**Task inputs:**

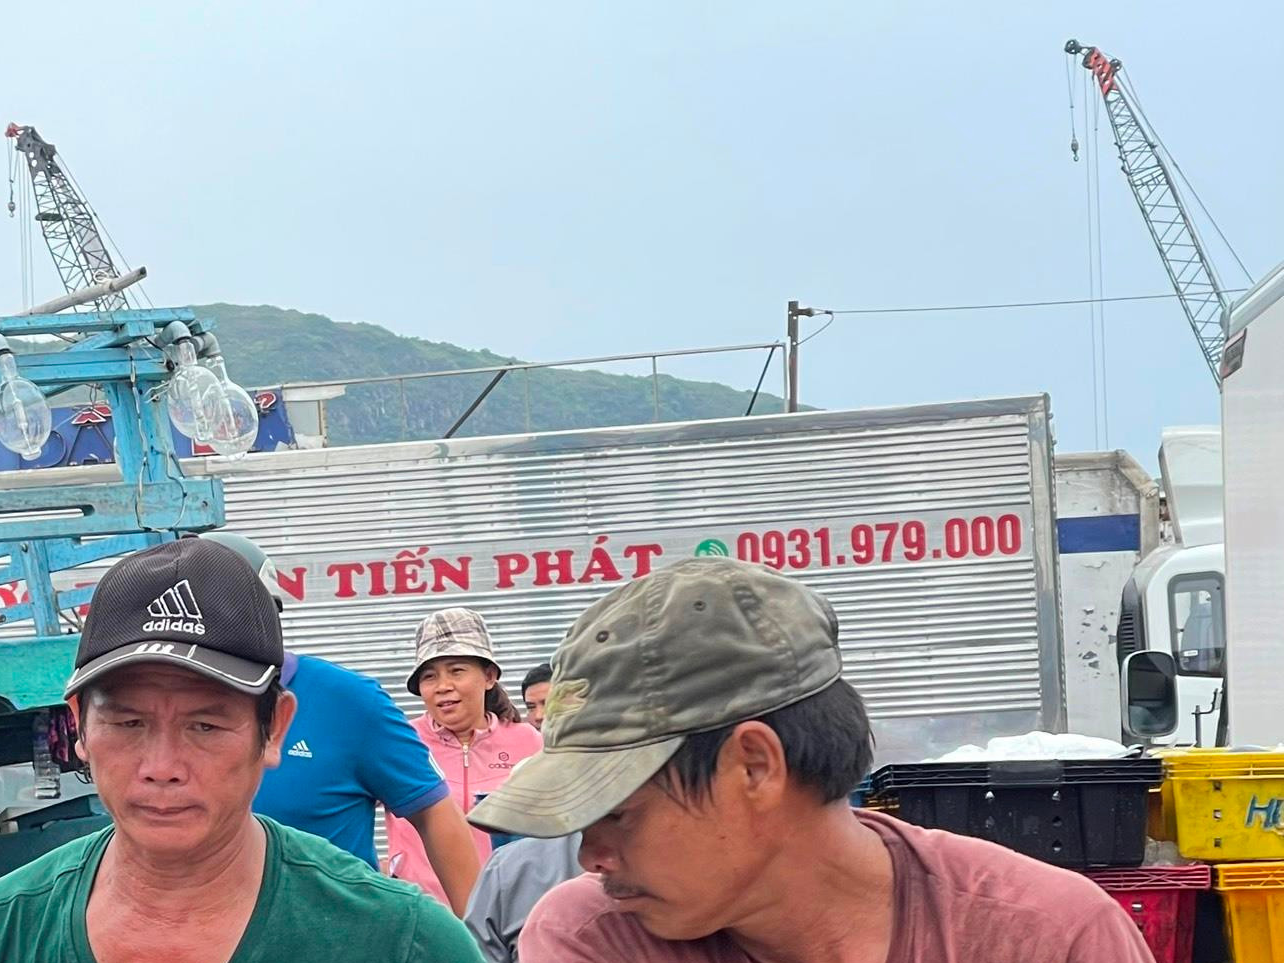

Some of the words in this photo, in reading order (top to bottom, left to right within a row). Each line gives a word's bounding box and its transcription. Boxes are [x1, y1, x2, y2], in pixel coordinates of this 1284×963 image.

[327, 546, 473, 598] TIẾN
[493, 535, 664, 590] PHÁT
[736, 513, 1022, 571] 0931.979.000
[142, 618, 206, 635] adidas
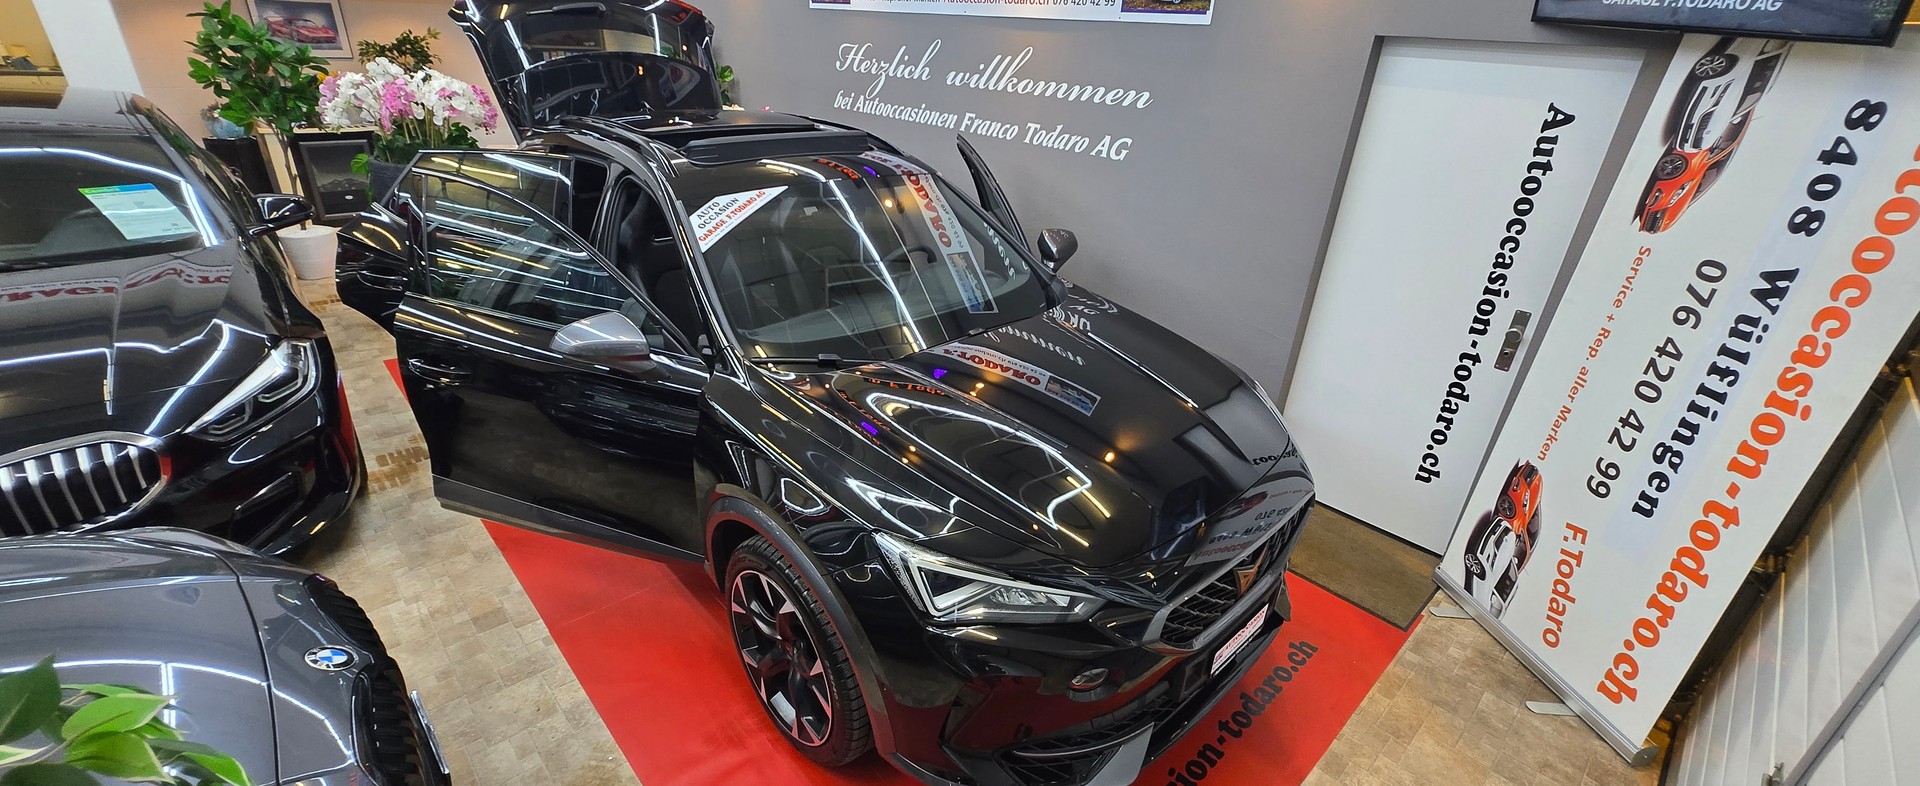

**What to produce:**
Repeat everything in the records above exactly, except the pictures.

**Result below:**
Some of the words in this photo, in reading order (top to bottom, left to right within a row). Each line gives a word's bounding box and its transcription. Boxes are [x1, y1, x2, y2], in pixel coordinates of this 1284×963 image.

[327, 546, 473, 598] TIẾN
[493, 535, 664, 590] PHÁT
[736, 513, 1022, 571] 0931.979.000
[142, 618, 206, 635] adidas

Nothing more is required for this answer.